■ **Stored data entries**
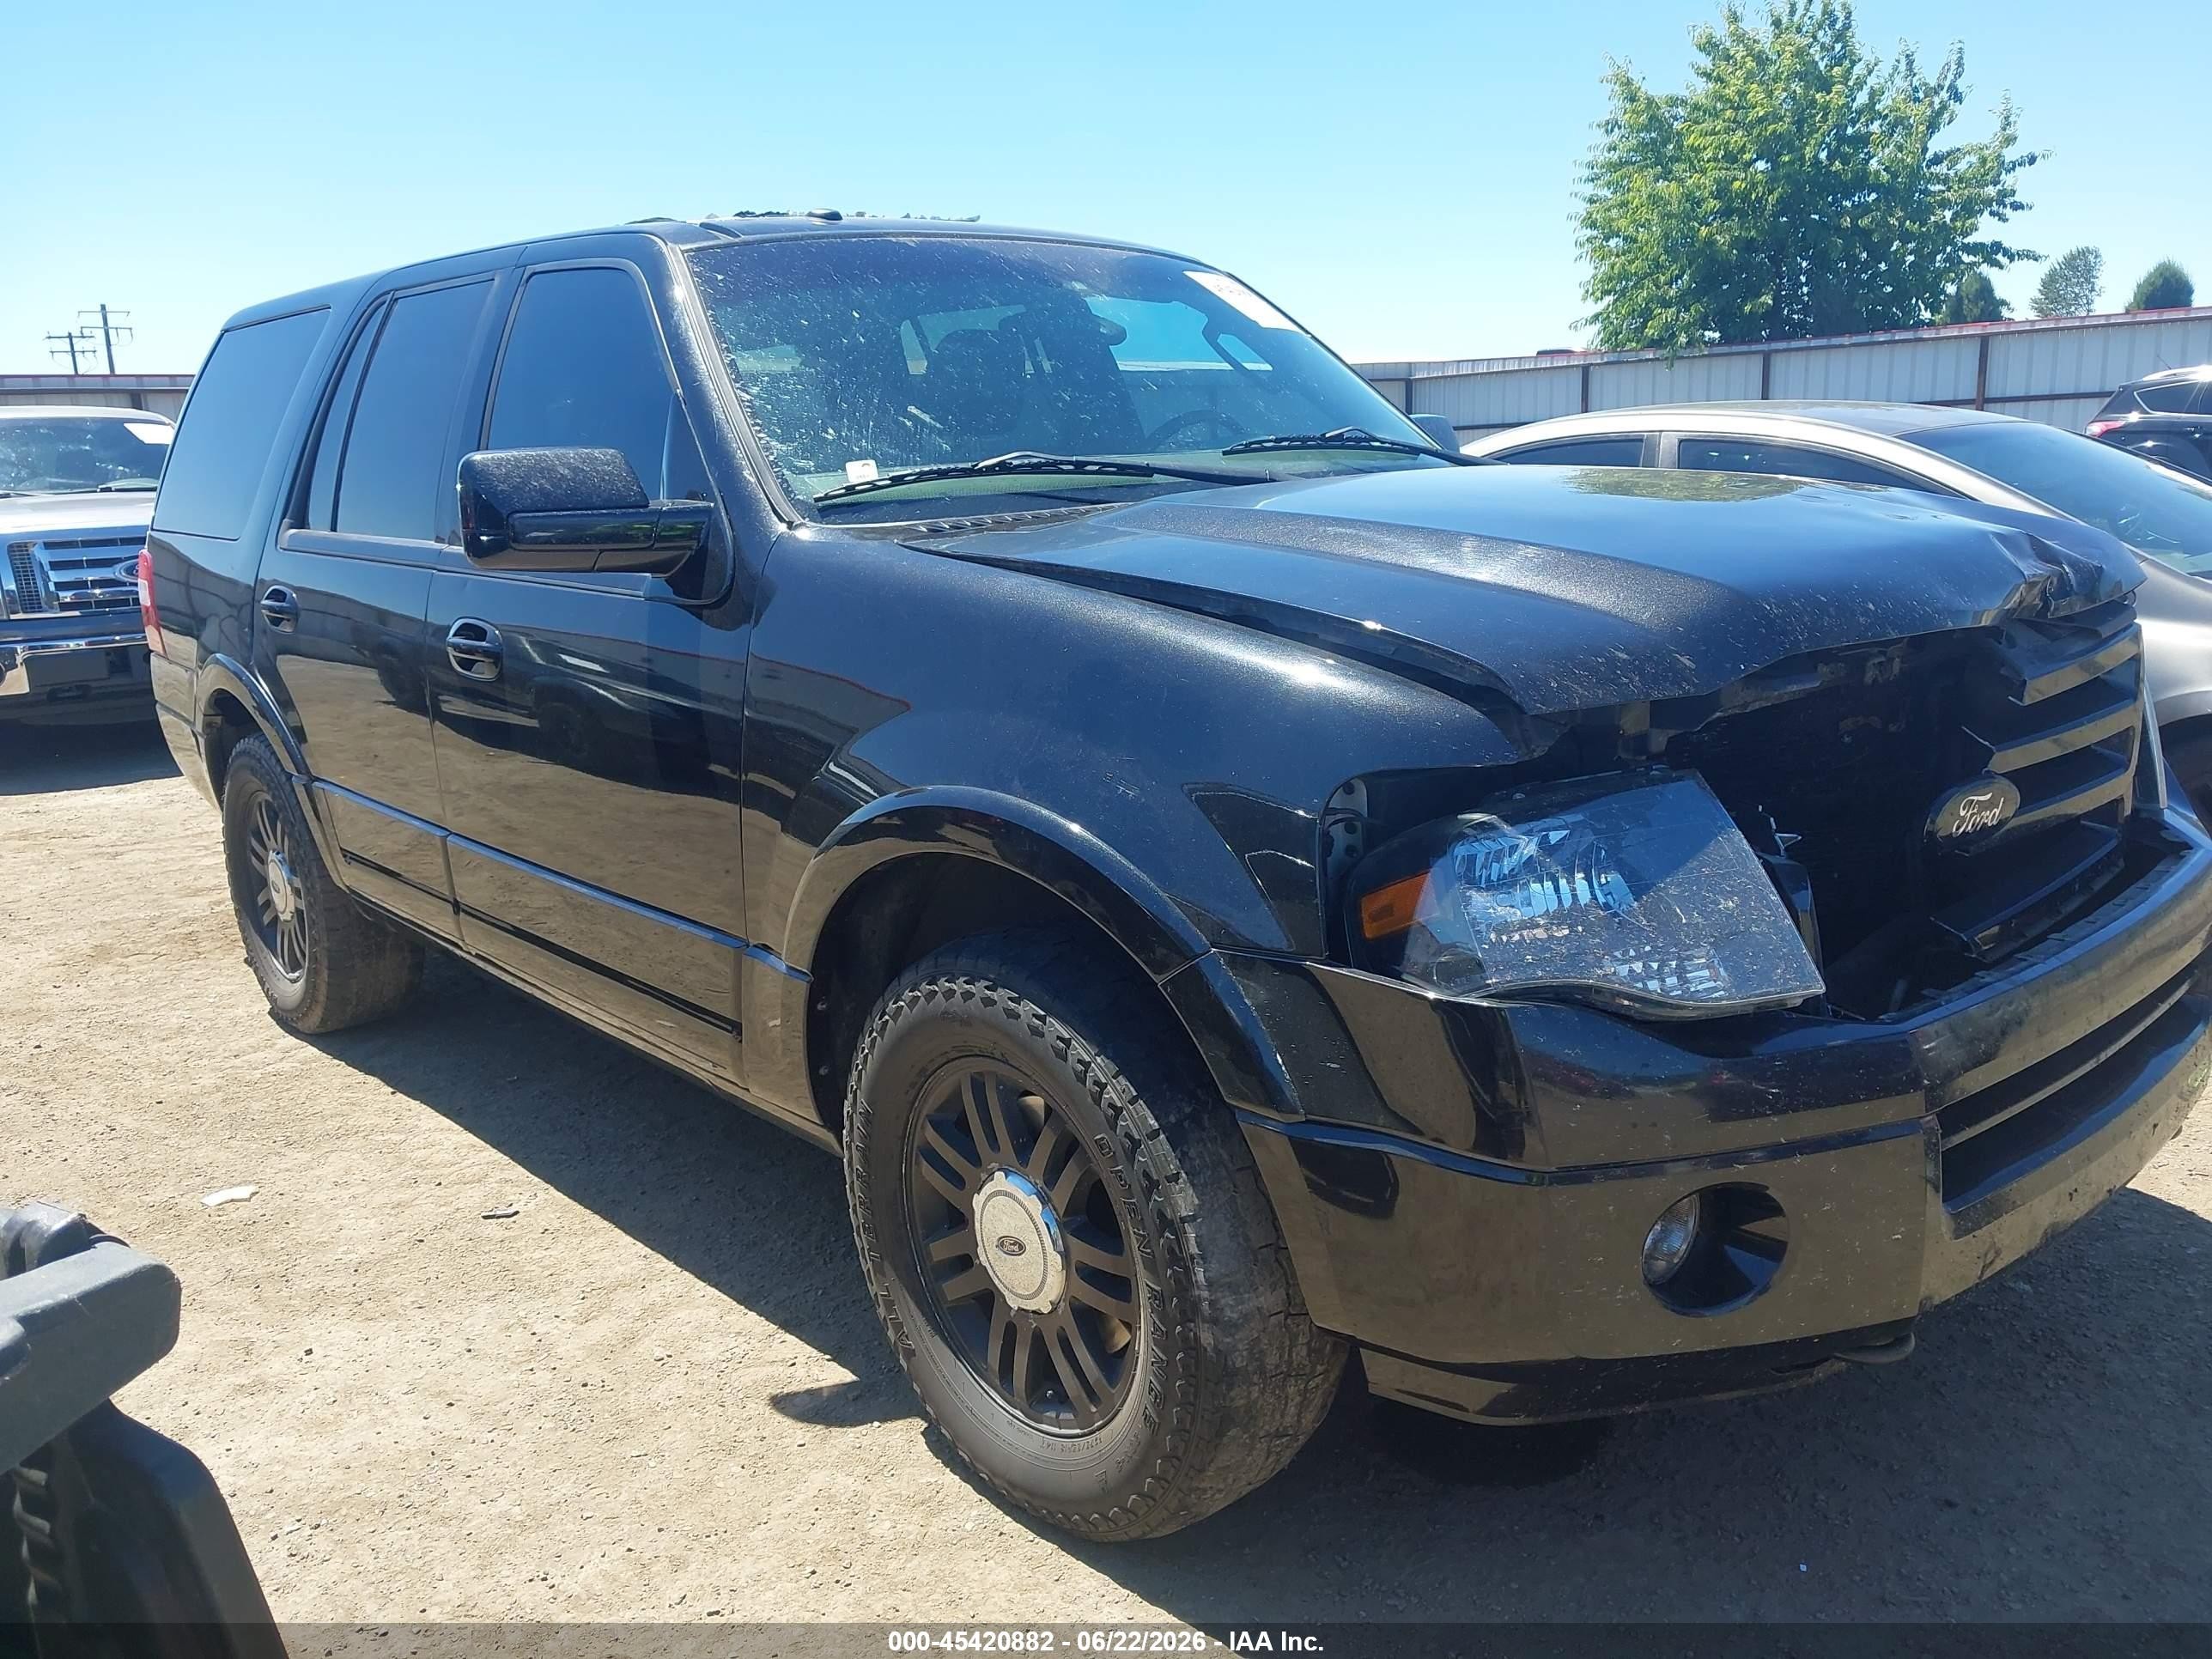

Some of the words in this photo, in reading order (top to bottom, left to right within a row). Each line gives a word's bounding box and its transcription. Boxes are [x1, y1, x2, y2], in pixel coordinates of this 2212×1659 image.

[1952, 792, 2004, 837] Ford
[854, 1097, 882, 1262] TERRAIN
[1002, 1239, 1019, 1253] Ford
[879, 1282, 916, 1349] ALL
[1093, 1132, 1155, 1258] OPEN
[1140, 1279, 1169, 1437] RANGE

■ **ASSIGNMENT**
Copy out each record word for word and omit any pictures.

■ **EXPECTED OUTPUT**
Some of the words in this photo, in reading order (top to bottom, left to right within a row). Each line gives a word's bounding box and its transcription. Boxes are [x1, y1, x2, y2], in pixel coordinates of this 2212×1659 image.

[1952, 792, 2004, 837] Ford
[854, 1097, 882, 1262] TERRAIN
[1002, 1239, 1019, 1253] Ford
[879, 1282, 916, 1349] ALL
[1093, 1132, 1155, 1258] OPEN
[1140, 1279, 1169, 1437] RANGE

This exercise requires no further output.